Spreads between government securities, corporate bond narrow on weak demand

Similarly, the five-year papers are traded between 5.90% and 5.95% in the secondary market of corporate bond and five-year G-Sec is traded at 5.73%.

By Manish M Suvarna

Even as yields on government securities have risen in the past few days, weak demand from debt funds and low supply of corporate bonds have kept yields on these papers mostly range bound. This has resulted in narrowing in spread between government securities and corporate bond.

Currently, the spread between government securities and AAA-rated corporate bonds maturing in 10-year is hovering at 65 basis points, which is lower than the usual spread of 75-85 bps. In the five-year segment, the spread has narrowed to 25 basis points.

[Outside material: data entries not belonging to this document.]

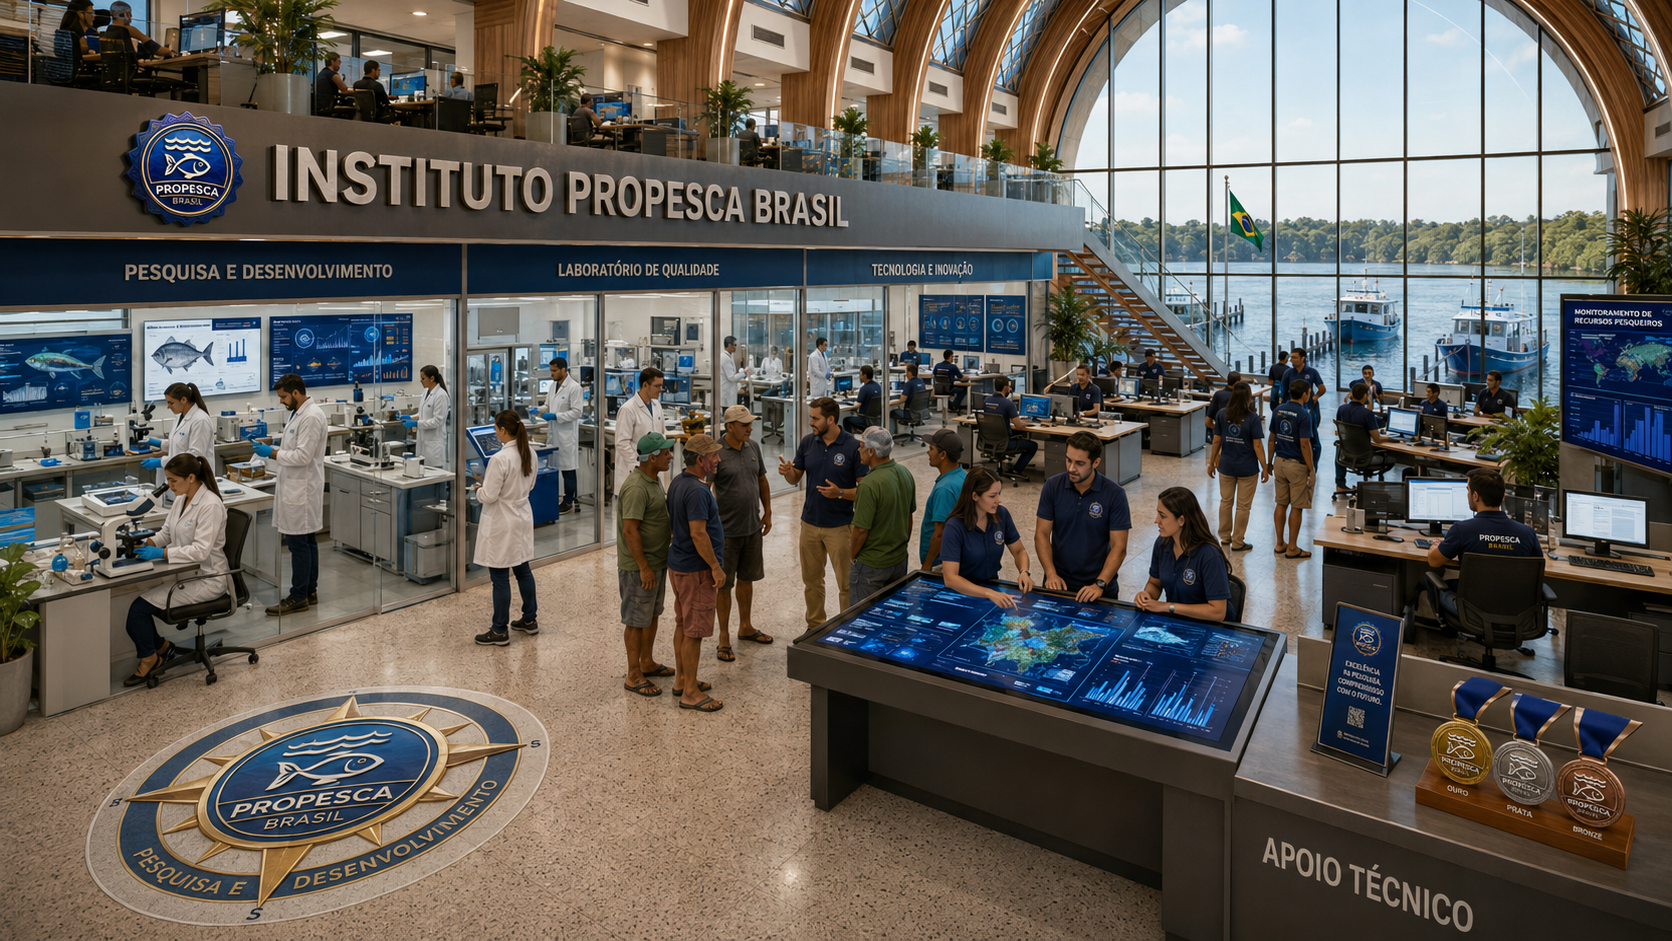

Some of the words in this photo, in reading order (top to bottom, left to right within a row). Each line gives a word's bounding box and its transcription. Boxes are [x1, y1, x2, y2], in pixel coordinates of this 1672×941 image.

[156, 184, 219, 197] PROPESCA
[271, 144, 553, 213] INSTITUTO
[566, 171, 745, 222] PROPESCA
[753, 188, 849, 228] BRASIL
[173, 197, 202, 205] BRASIL
[124, 264, 221, 283] PESQUISA
[226, 264, 237, 280] E
[242, 264, 393, 280] DESENVOLVIMENTO
[558, 260, 642, 277] LABORATÓRIO
[645, 264, 660, 276] DE
[662, 264, 720, 278] QUALIDADE
[871, 263, 926, 276] TECNOLOGIA
[928, 263, 933, 276] E
[935, 261, 973, 278] INOVAÇÃO
[1574, 308, 1640, 318] MONITORAMENTO
[1641, 310, 1652, 318] DE
[1574, 317, 1613, 326] RECURSOS
[1614, 318, 1663, 328] PESQUEIROS
[1479, 534, 1520, 543] PROPESCA
[530, 739, 541, 748] S
[1446, 784, 1469, 797] OURO
[230, 785, 393, 818] PROPESCA
[1506, 804, 1533, 818] PRATA
[263, 810, 344, 831] BRASIL
[133, 847, 222, 895] PESQUISA
[228, 881, 248, 895] E
[292, 779, 499, 890] DESENVOLVIMENTO
[1262, 837, 1342, 887] APOIO
[1348, 863, 1474, 933] TÉCNICO
[246, 907, 264, 921] S
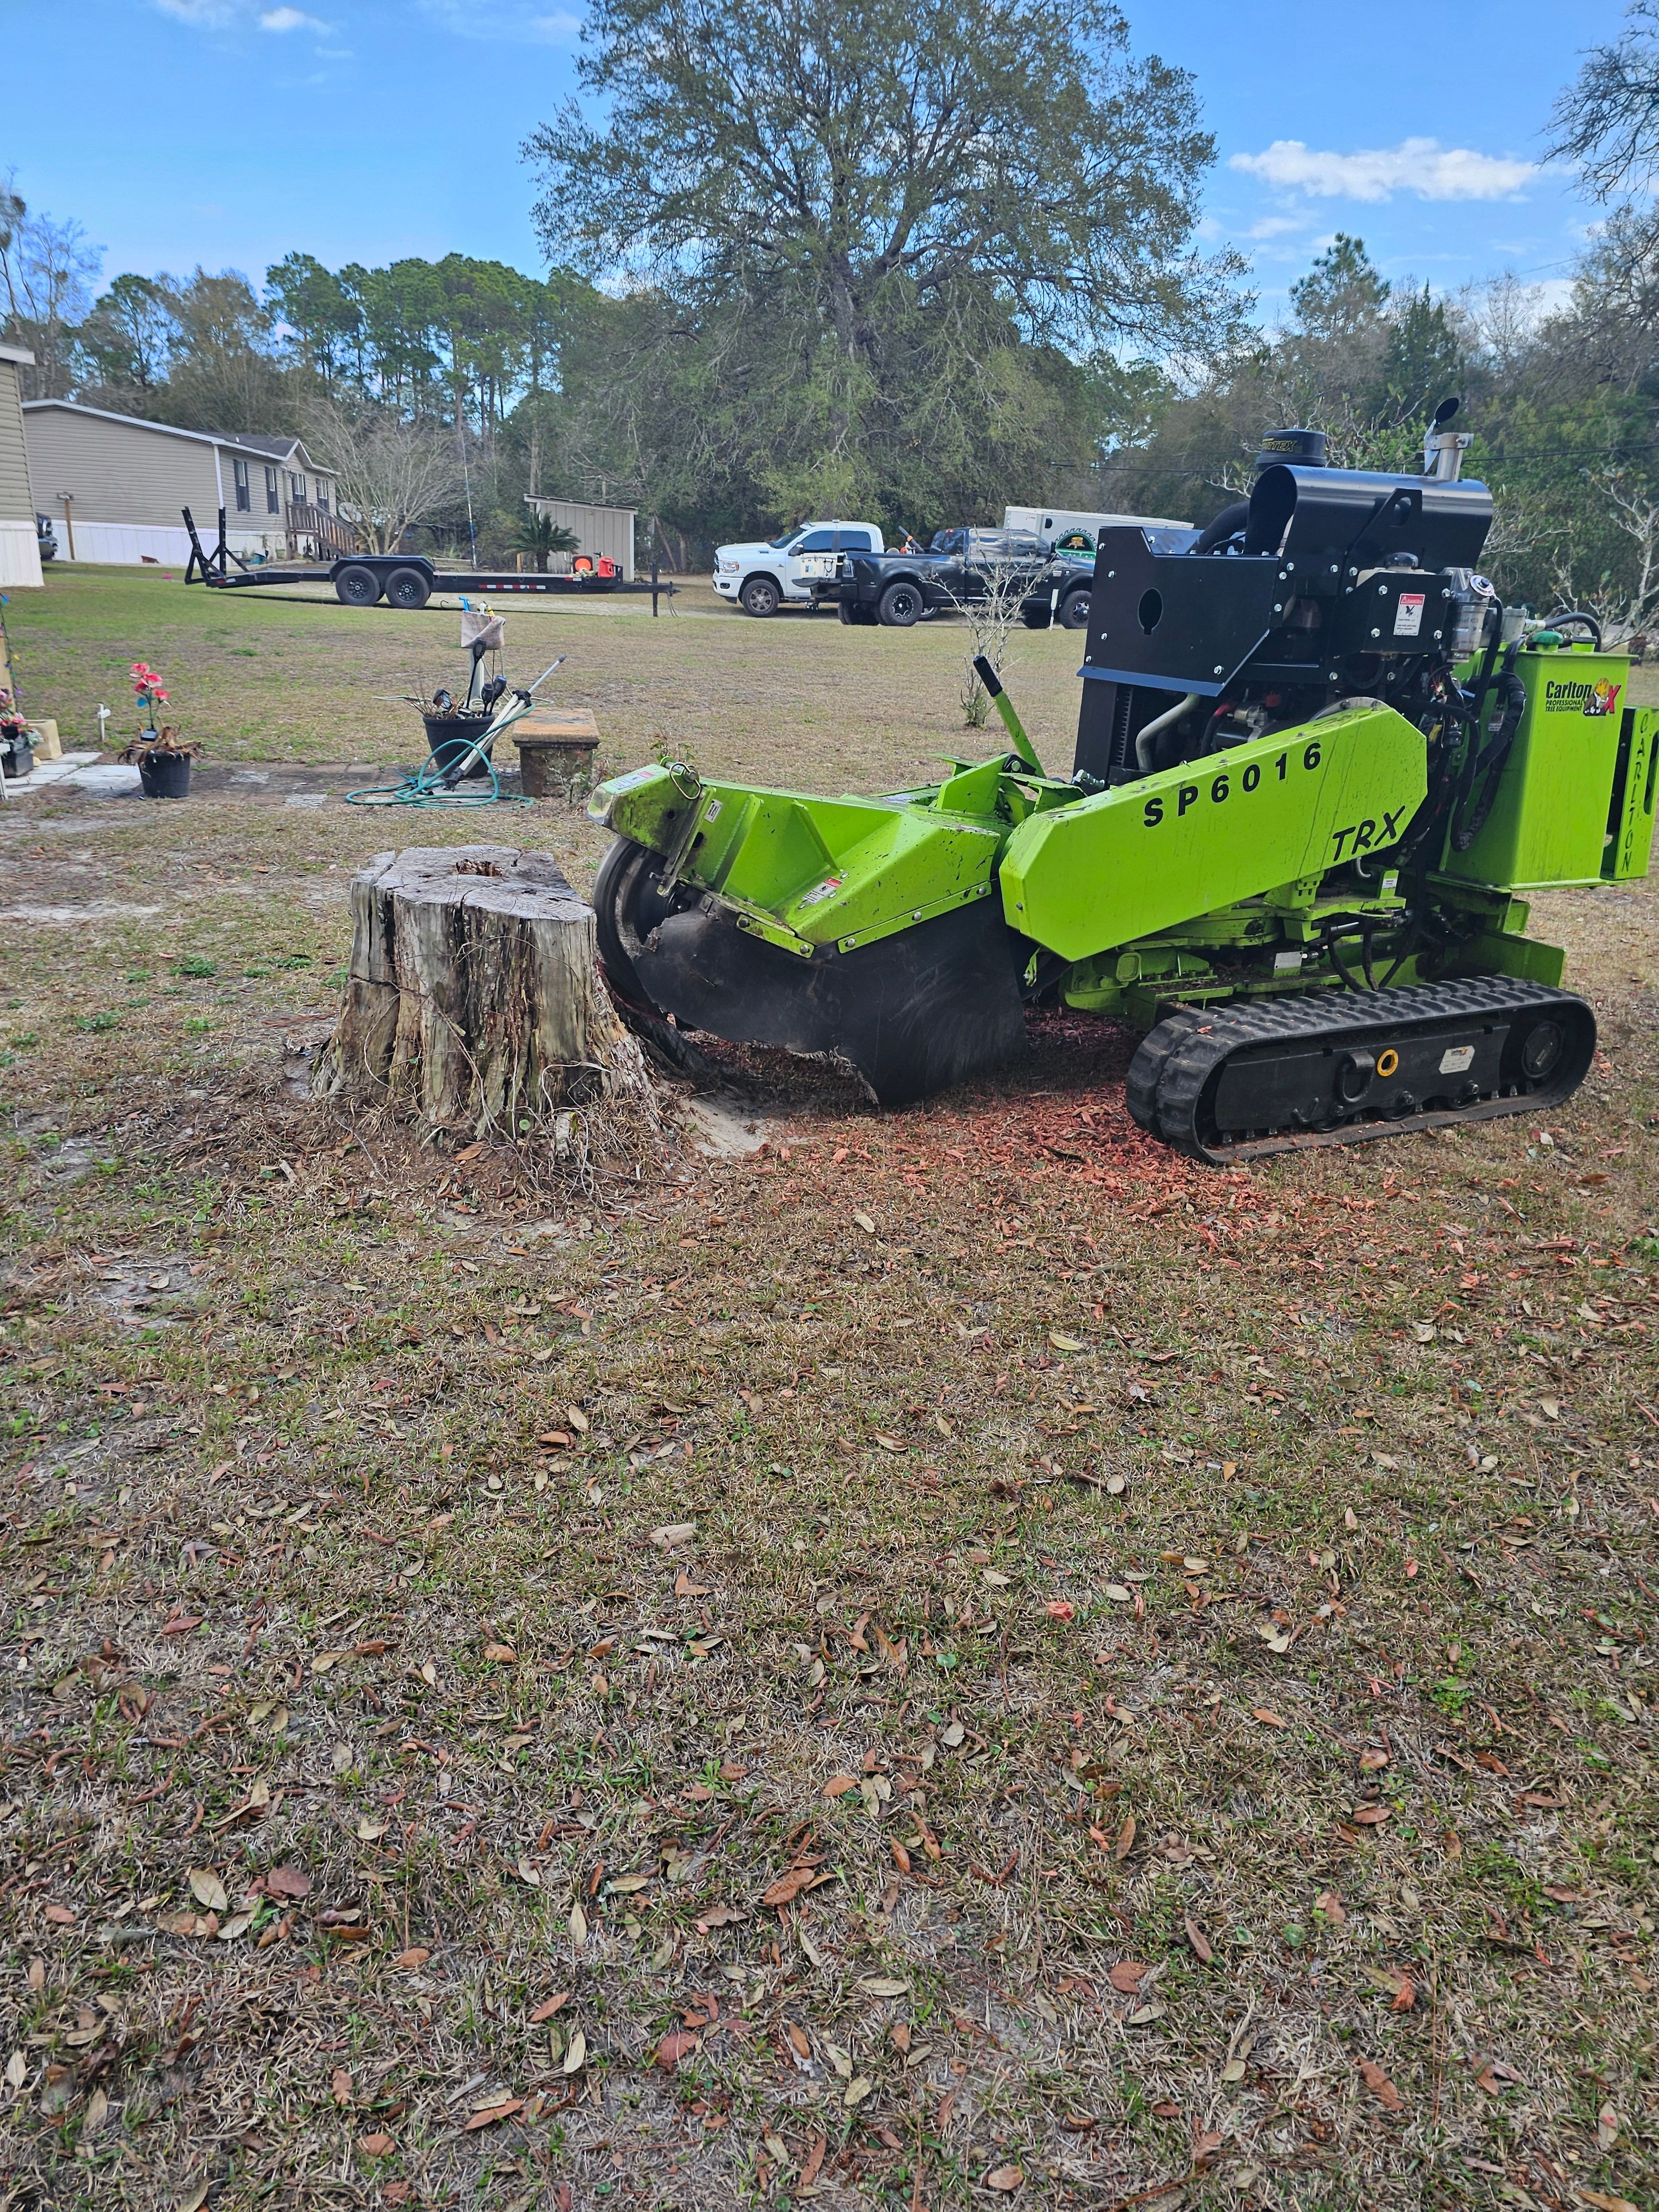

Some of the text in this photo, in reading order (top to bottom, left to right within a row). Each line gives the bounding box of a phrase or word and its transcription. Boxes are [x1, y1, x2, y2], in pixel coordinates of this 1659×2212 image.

“It is basically a demand-supply scenario. The supply towards government securities is constant, whereas in corporate bond, demand is weak from mutual funds and supply is not resuming as people are waiting for the central bank’s credit policy,” said Ajay Manglunia, MD and head of institutional fixed income at JM Financial.

According to market participants, yields on AAA-rated corporate bonds maturing in 10-year are hovering between 6.85% and 6.90%, while the 10-year benchmark G-Sec is trading almost at 6.20%. Similarly, the five-year papers are traded between 5.90% and 5.95% in the secondary market of corporate bond and five-year G-Sec is traded at 5.73%.

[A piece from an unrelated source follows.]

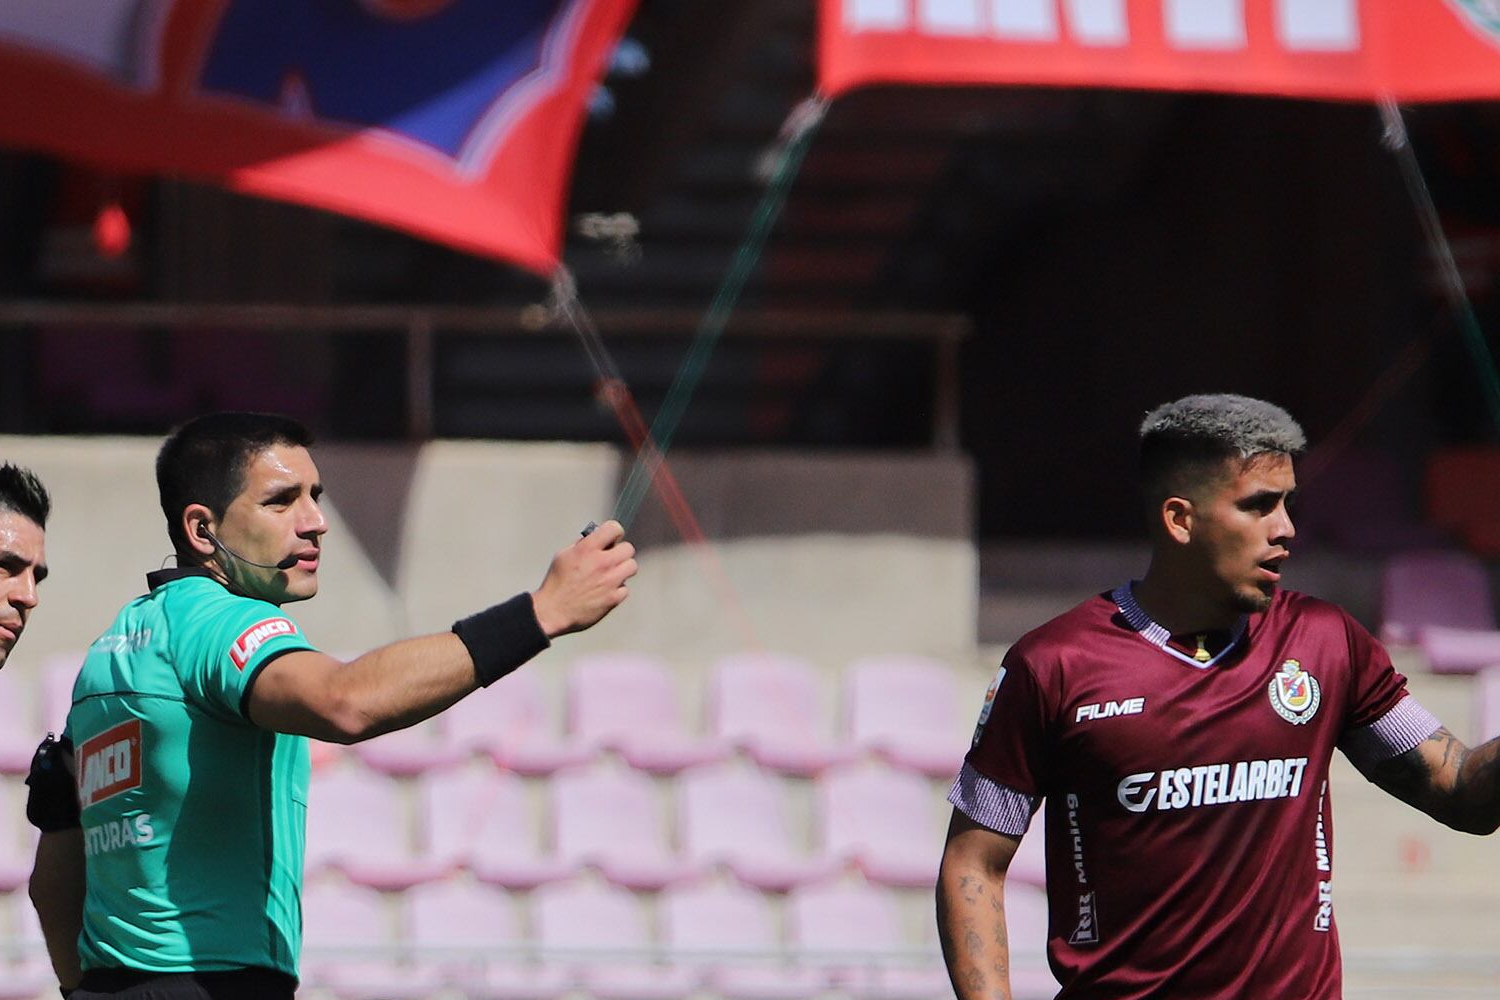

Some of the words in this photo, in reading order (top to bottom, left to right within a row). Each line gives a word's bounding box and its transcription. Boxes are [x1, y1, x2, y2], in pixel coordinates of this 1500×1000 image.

[230, 619, 295, 667] LANCO
[1075, 698, 1144, 723] FIUME
[1156, 757, 1308, 810] ESTELARBET

In past few days, yields on government securities have constantly been rising due to heavy supply of papers and rising crude oil prices in the international market. The supply of corporate bond has been muted as most companies remained on the sidelines ahead of the RRI’s monetary policy and weak demand from mutual funds due to muted inflows into long-end funds. This has capped the yields on corporate bonds and resulted in narrowing of spread between both.

Yields on government securities, especially on most traded papers 5.63%-2026 and 6.64%-2035, have seen sharp rise in past couple of days on weak sentiments of traders. This is because of supply concerns as both these bonds were present in the auction held on Friday, and heavy devolvement on primary dealers at auctions on July 23 and on Friday.

The RBI has set 6.10% coupon on the new benchmark bond, but after that yields started rising due to low liquidity in that segment and rising crude oil prices. First auction of benchmark bond went through devolvement as market was asking higher yields than what the RBI was offering. The auction on Friday also saw devolvement in the most-traded paper, 5.63%-2026.

After heavy devolvement, yields on new benchmark 10-year 6.10%-2031 bonds rose almost 10 basis points. It was allotted at 6.10% by the central bank on July 9. The RBI on July 23 and July 30 devolved 10-year 6.10%-2031 and 5.63%-2026 bonds worth Rs 11,144.145 crore and Rs 7,465.147 crore, respectively.

“The first auction on benchmark bond went smoothly, but second auction saw a large devolvement. Because of weak demand and that supply is constant, yields on government securities are rising,” a fund manager with a mid-sized fund house said. This month, the central bank has supplied Rs 22,000 crore of 5.63%-2026, Rs 22,000 crore of 6.64%-2035 and Rs 28,000 crore of the benchmark 6.10%-2031.